Russian chess prodigy wins thrilling Moscow cliffhanger to challenge for world title in NYC

Russian chess prodigy wins thrilling Moscow cliffhanger to challenge for world title in NYC

Crimean-born Russian grandmaster Sergey Karjakin, 26, has qualified to challenge Norwegian Magnus Carlsen for the world chess championship after he pulled off a brilliant rook sacrifice to beat his closest rival, American Fabiano Caruana, in the last round of the Candidates tournament in Moscow.

Born in Simferopol, the capital of the now-Russian republic of Crimea, in 1990, Karjakin, a former child prodigy, broke Carlsen’s record for becoming the world’s youngest grandmaster at the age of 12 years and seven months.

He has a classical playing style heavily influenced by Russian world champions from the Soviet era, and as a young player was coached by English world championship challenger Nigel Short, one of the few Westerners to qualify for a world title match.

Formerly a Ukrainian citizen, Karjakin took Russian citizenship in 2009.

Prior to winning the Moscow Candidates tournament, Karjakin’s biggest successes include winning the 2015 World Cup and finishing second in the last Candidates tournament, held in the Siberian city of Khanty-Mansiysk in 2014.

Karjakin becomes the first Russian to challenge for the world championship since Vladimir Kramnik, who last won the title in 2006.

The Russian triumphed over the United States’ Fabiano Caruana, 23, whom he played in the last round.
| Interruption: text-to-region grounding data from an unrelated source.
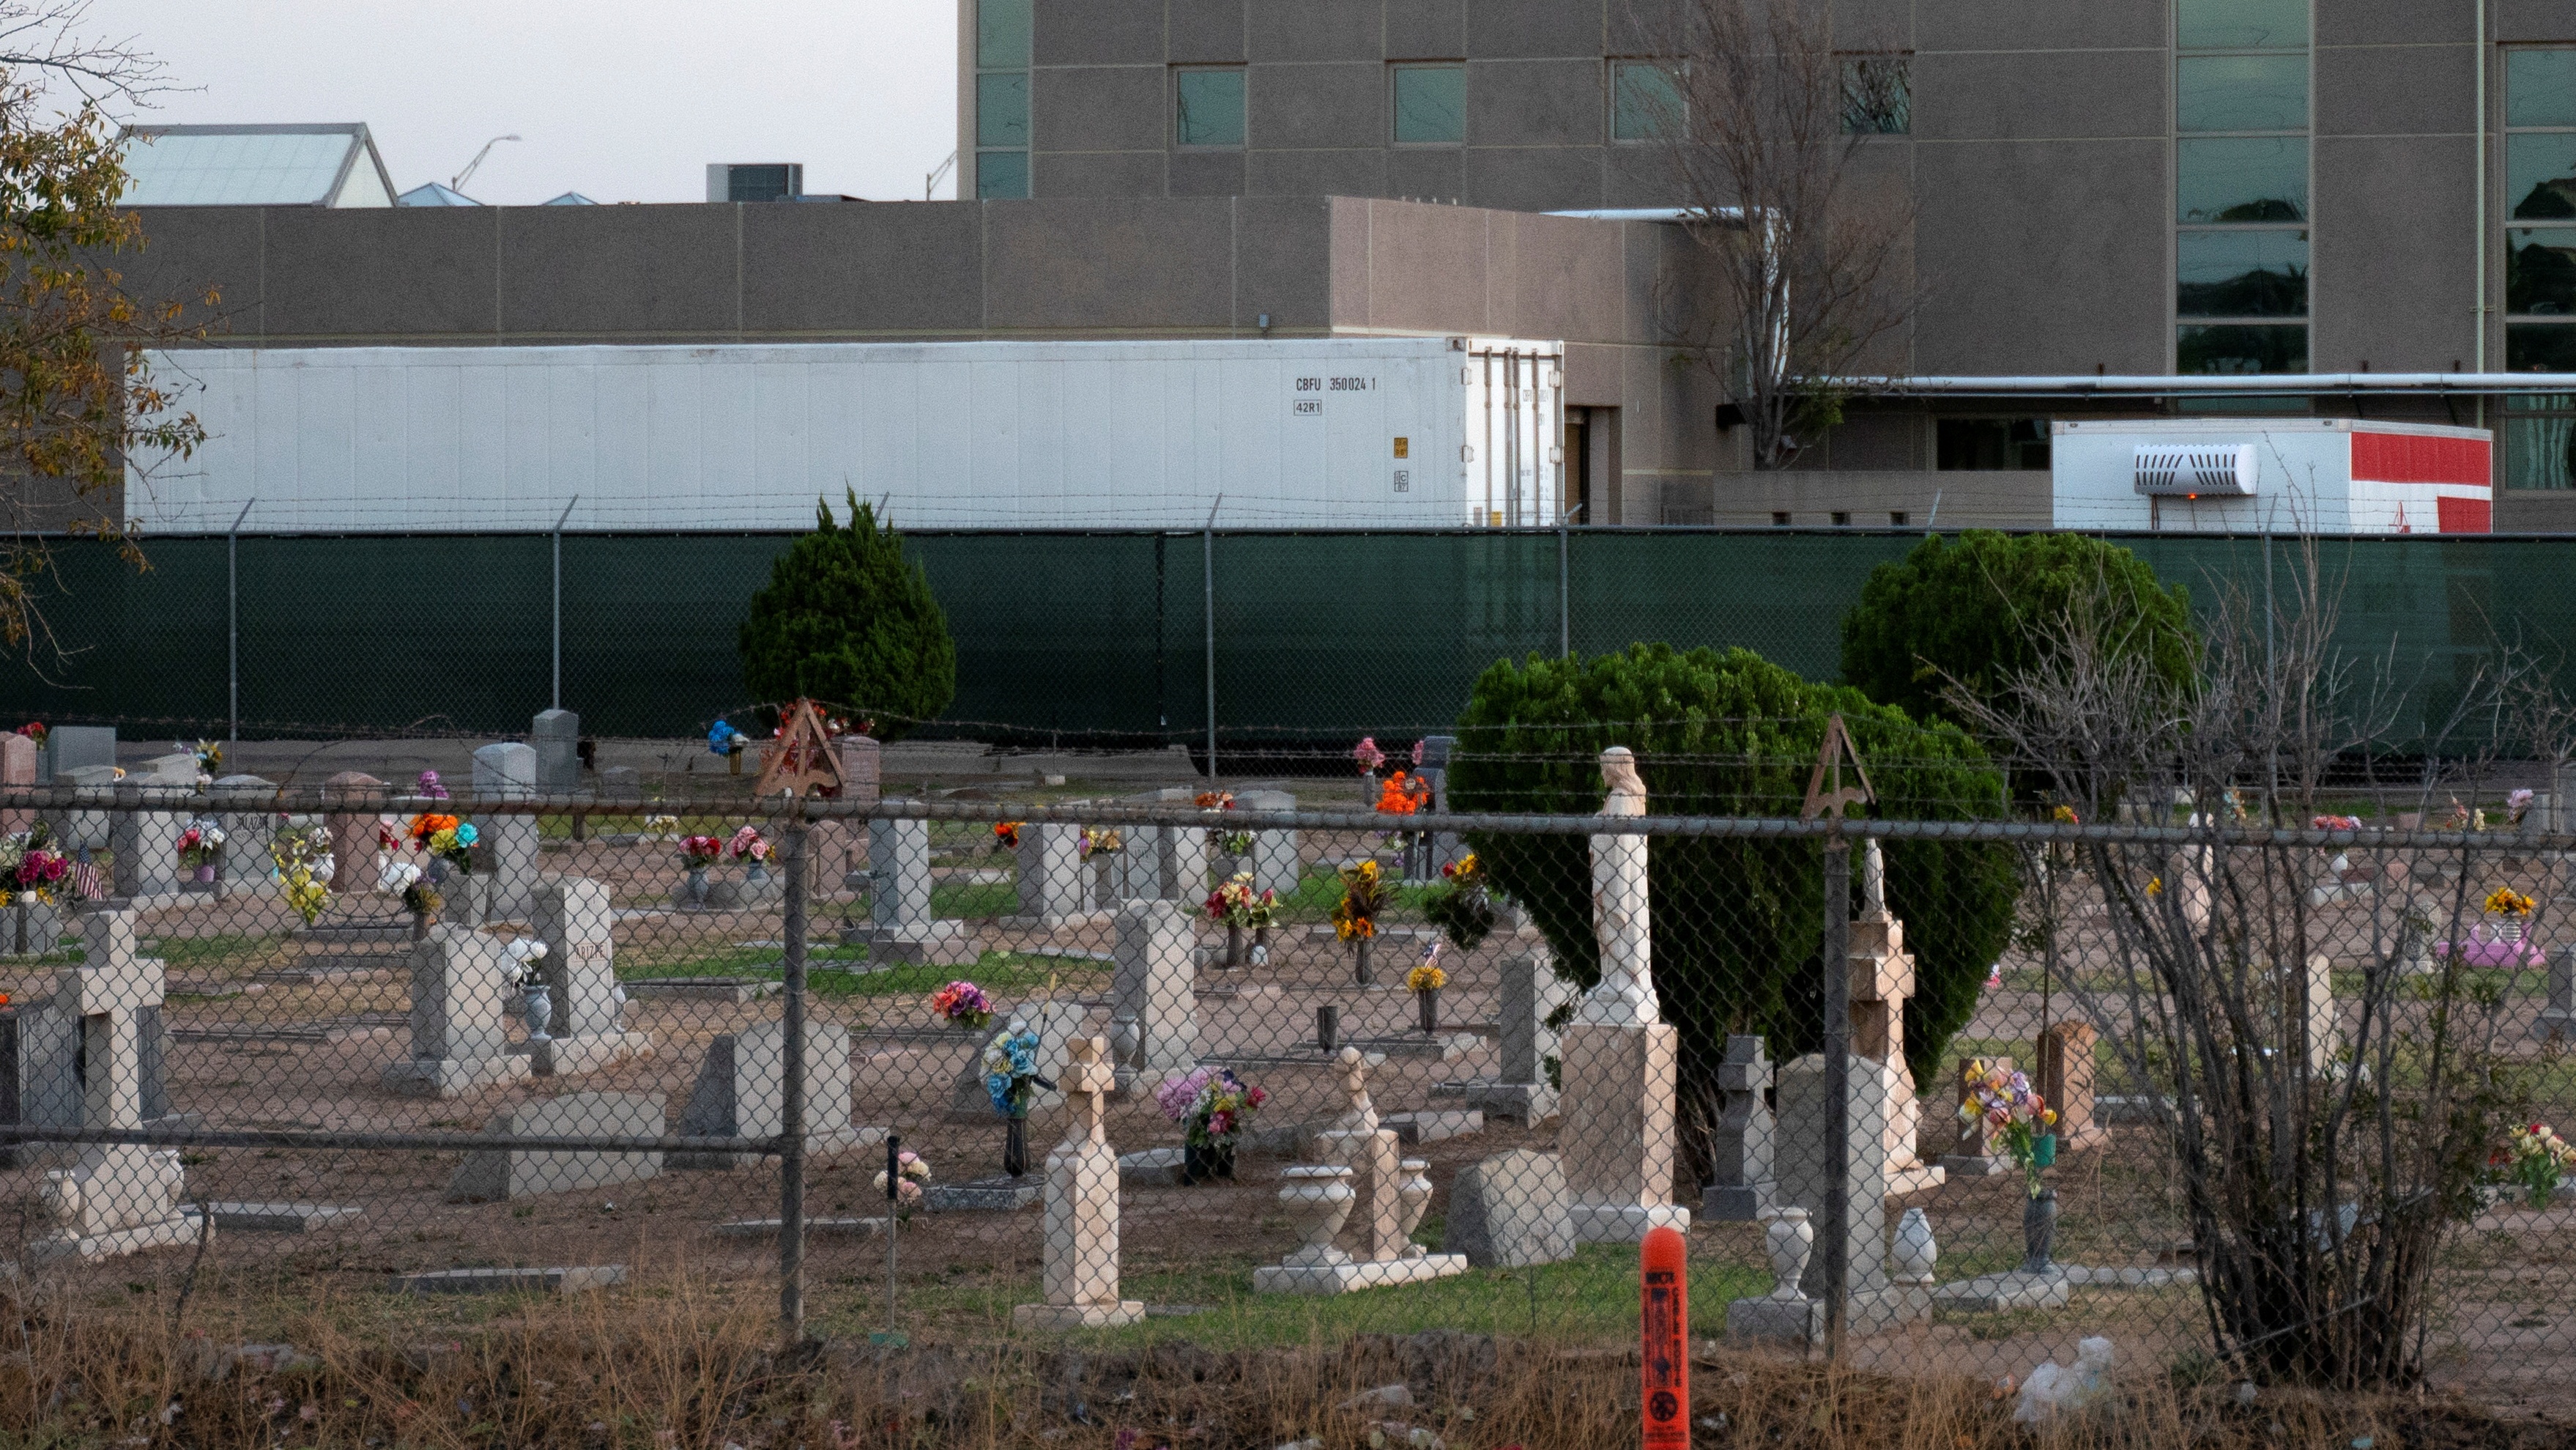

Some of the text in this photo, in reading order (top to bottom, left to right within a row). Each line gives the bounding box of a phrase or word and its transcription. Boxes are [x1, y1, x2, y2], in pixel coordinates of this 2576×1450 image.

[1296, 377, 1376, 391] CBFU 350024 1
[1296, 403, 1320, 413] 42R1
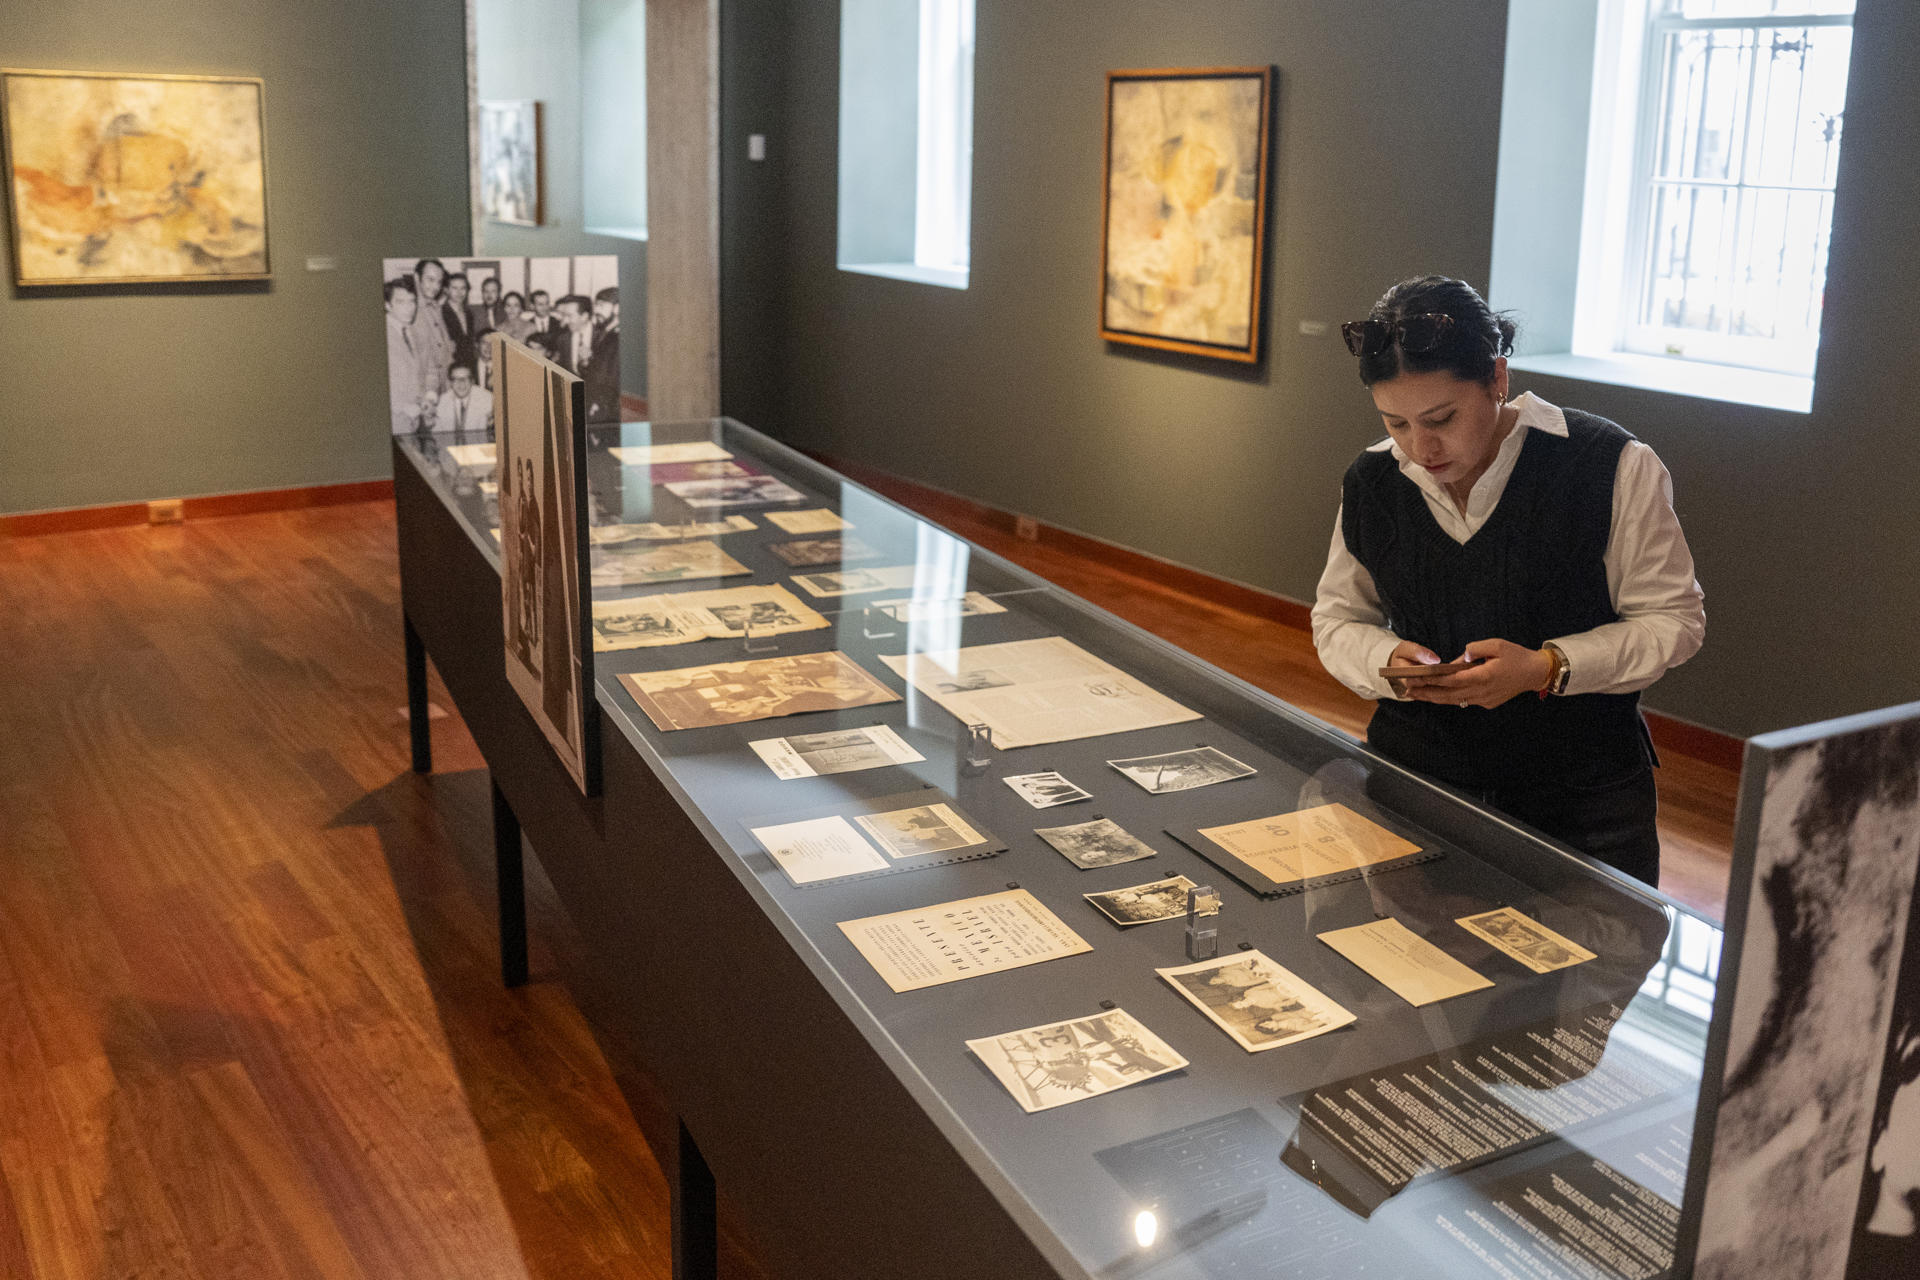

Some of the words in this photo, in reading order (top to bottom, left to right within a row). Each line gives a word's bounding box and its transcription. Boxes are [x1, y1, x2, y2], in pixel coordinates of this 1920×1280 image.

[1264, 823, 1290, 838] 40
[1317, 834, 1333, 845] 8
[961, 909, 1003, 945] ISRAEL
[912, 918, 970, 971] PRESENTE
Karjakin scored 8.5/14 to finish first in the eight-player tournament, a full point ahead of Caruana and former world champion Vishy Anand of India on 7.5 points.

The Candidates tournament, held over three weeks at the historic Central Telegraph building in downtown Moscow, a few hundred meters from the Kremlin, was extremely hard-fought, with the lead changing hands several times as the players battled it out, playing each opponent twice – once with the white pieces, and once with the black pieces.

Other players in the tournament were Russia’s Peter Svidler, Veselin Topalov of Bulgaria, Hikaru Nakamura of the US, Levon Aronian of Armenia and Anish Giri of the Netherlands.

As the winner, Karjakin qualifies to play a 12-game head-to-head match against two-time world champion Magnus Carlsen, the 25-year-old Norwegian wunderkind who is the highest rated player in the history of the game.

The match, set to take place in New York City in November, would be a formidable test for Karjakin, as Carlsen is renowned for his legendary endgame skills and has a ferocious will to win not seen in chess since Russia’s world champion Gary Kasparov dominated the game in the 1980s and 1990s. Kasparov, who retired from the game in 2005 to focus on a career as a liberal pro-Western politician, has been an outspoken critic of Russian President Vladimir Putin for several years, and has lived in self-imposed exile in New York since 2013.